Mommy’s & Daddy’s we gotta talk.

Papa werden. Klar! Irgendwie war das immer ein Thema, immer ein Wunsch und als die Nachricht kam: „Du wirst ein Daddy“ war ich so happy. Geändert hat sich daran nichts … aber:

Der Tag, an dem du Papa wirst, verändert dein Leben.
Positiv. Na logo und klar das Leben der Mama auch, aber irgendwie war ich nicht so vorbereitet. Die gesamte Schwangerschaft über ist man dabei, freut sich und versucht ready zu sein. Aber wenn es soweit ist, ist plötzlich alles anders als man so gedacht hat. Scheiß auf die Vorbereitung, WELCOME TO THE REAL SHIT.
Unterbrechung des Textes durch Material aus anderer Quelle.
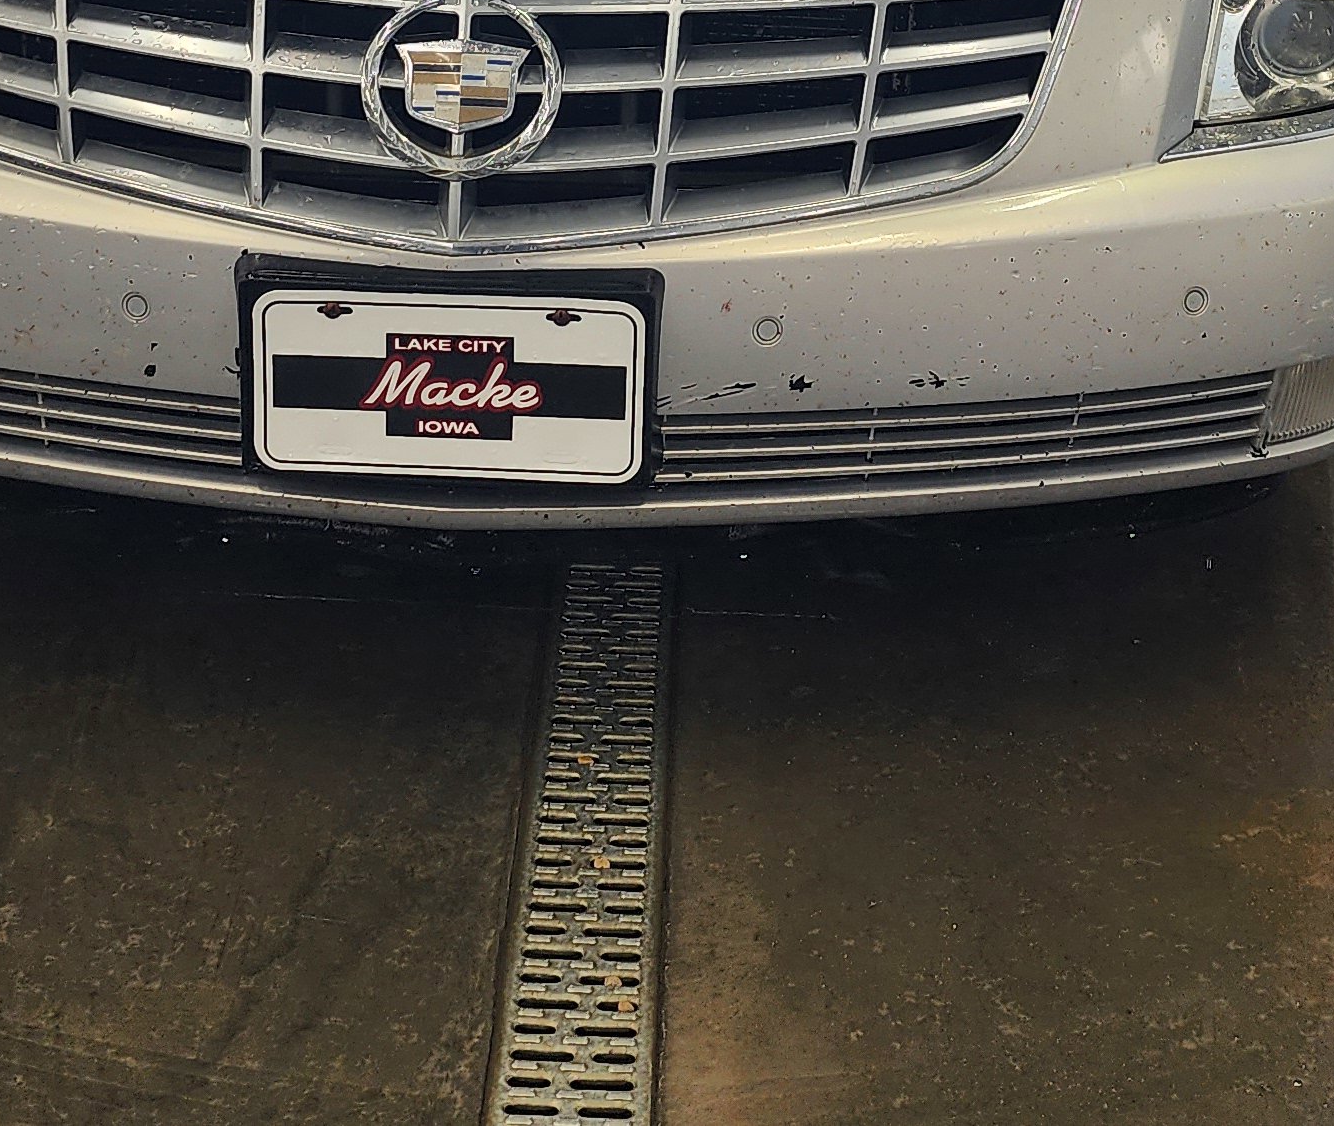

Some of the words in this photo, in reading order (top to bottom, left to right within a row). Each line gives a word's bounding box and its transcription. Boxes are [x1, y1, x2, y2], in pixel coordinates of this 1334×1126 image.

[394, 337, 452, 352] LAKE
[458, 339, 506, 354] CITY
[362, 359, 541, 410] Macke
[418, 420, 480, 435] IOWA
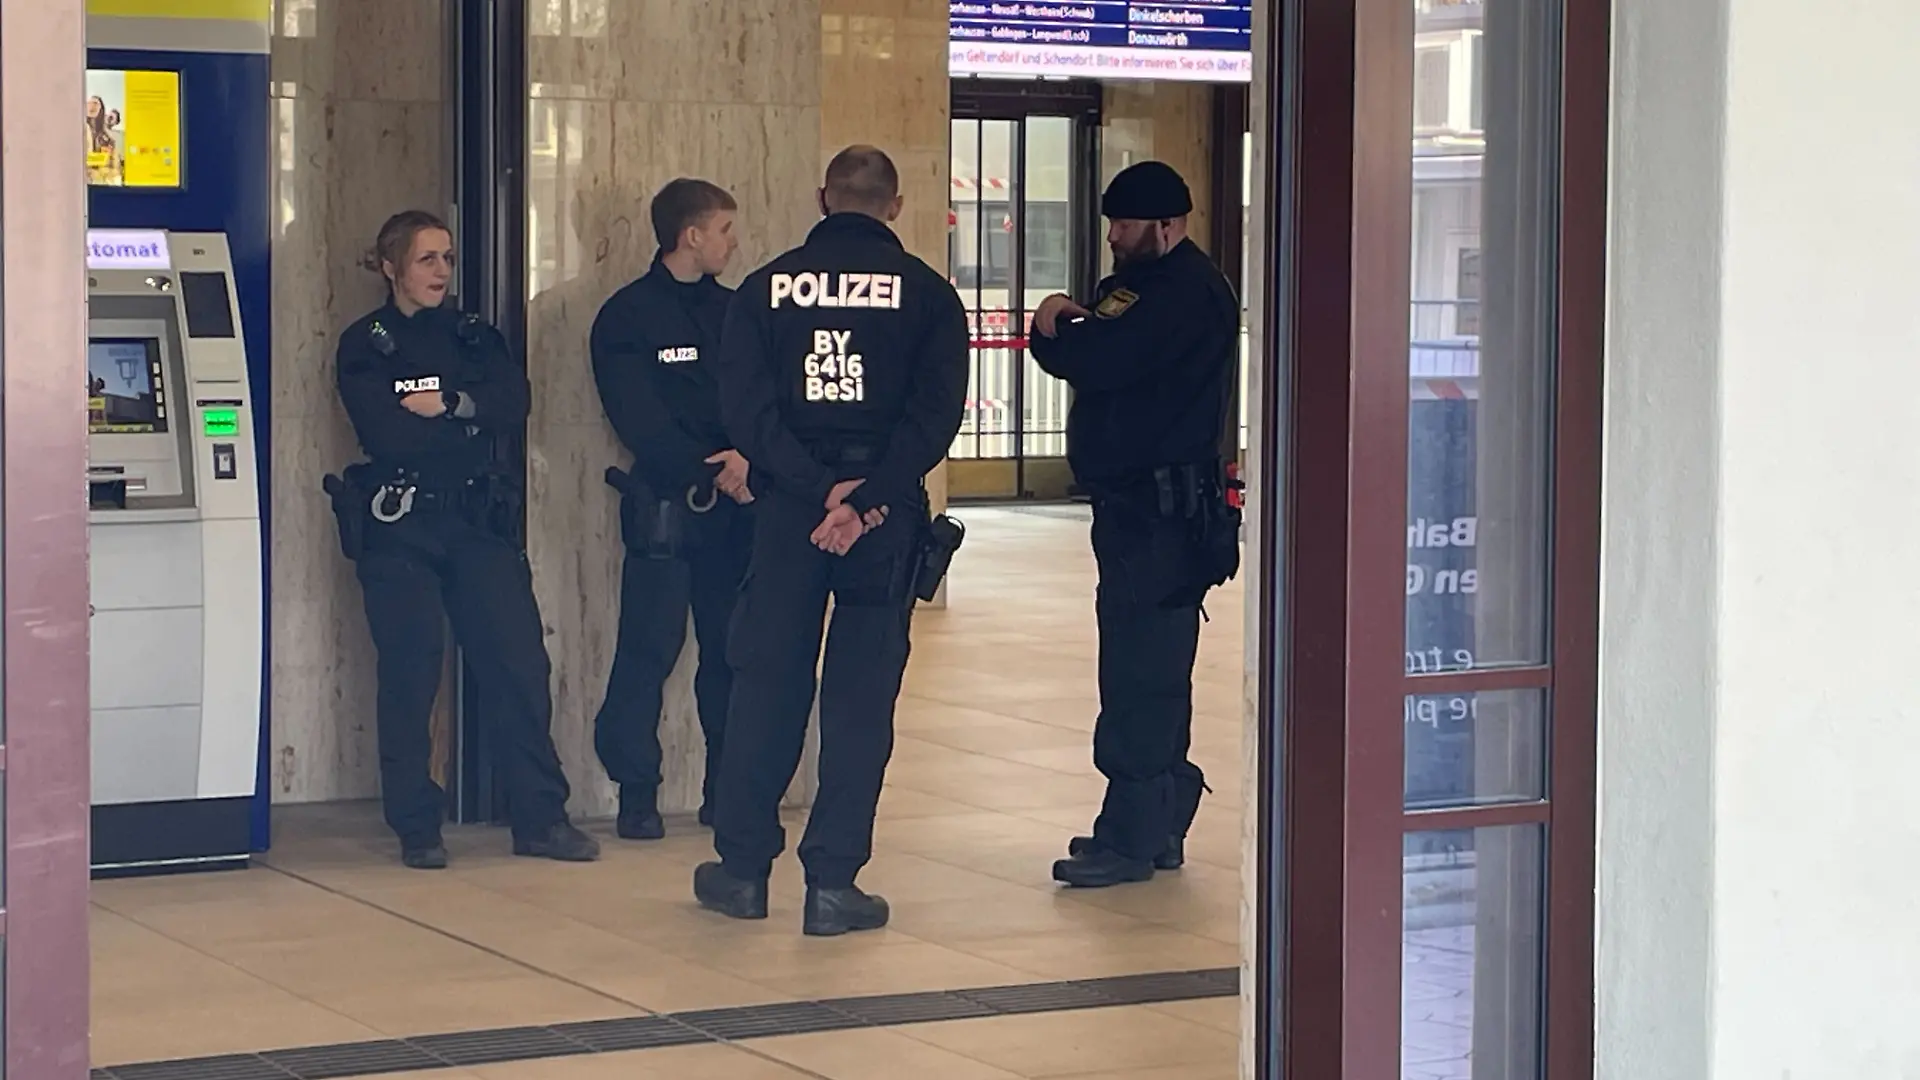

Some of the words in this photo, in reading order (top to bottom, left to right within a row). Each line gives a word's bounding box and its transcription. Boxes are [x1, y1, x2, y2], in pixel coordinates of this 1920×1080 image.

[1128, 7, 1204, 24] Dinkelscherben
[1128, 30, 1188, 46] Donauwörth
[966, 49, 1020, 63] Geltendorf
[1022, 53, 1041, 65] und
[1097, 53, 1120, 67] Bitte
[1121, 55, 1177, 69] informieren
[1179, 56, 1194, 70] Sie
[1196, 57, 1214, 70] sich
[1217, 57, 1238, 71] über
[87, 240, 160, 258] tomat
[770, 272, 902, 309] POLIZEI
[814, 330, 851, 355] BY
[804, 353, 864, 378] 6416
[805, 377, 864, 402] BeSi
Und in deinem Vaterglück wirst du plötzlich mit so vielen Herausforderungen konfrontiert. Nehmen wir mal die Arbeit und das gesellschaftliche Leben. Du hast eine neue Aufgabe, aber irgendwie zieht das Drumherum nicht mit.

Herzlich Willkommen im neuen Jongliermodus.

Die Rolle des Vaters als wir, damit ist in erster Linie die Generation Y gemeint, aufwuchsen, war der Hauptverdiener und Verantwortungsträger zu sein.
Altes Rollenbild? Klar. Hat sich das geändert? Nicht wirklich, aber irgendwie doch schon. Viele Väter wünschen sich mehr Zeit mit der Familie und doch scheinen diese Wünsche oft nicht mit der Realität vereinbar. 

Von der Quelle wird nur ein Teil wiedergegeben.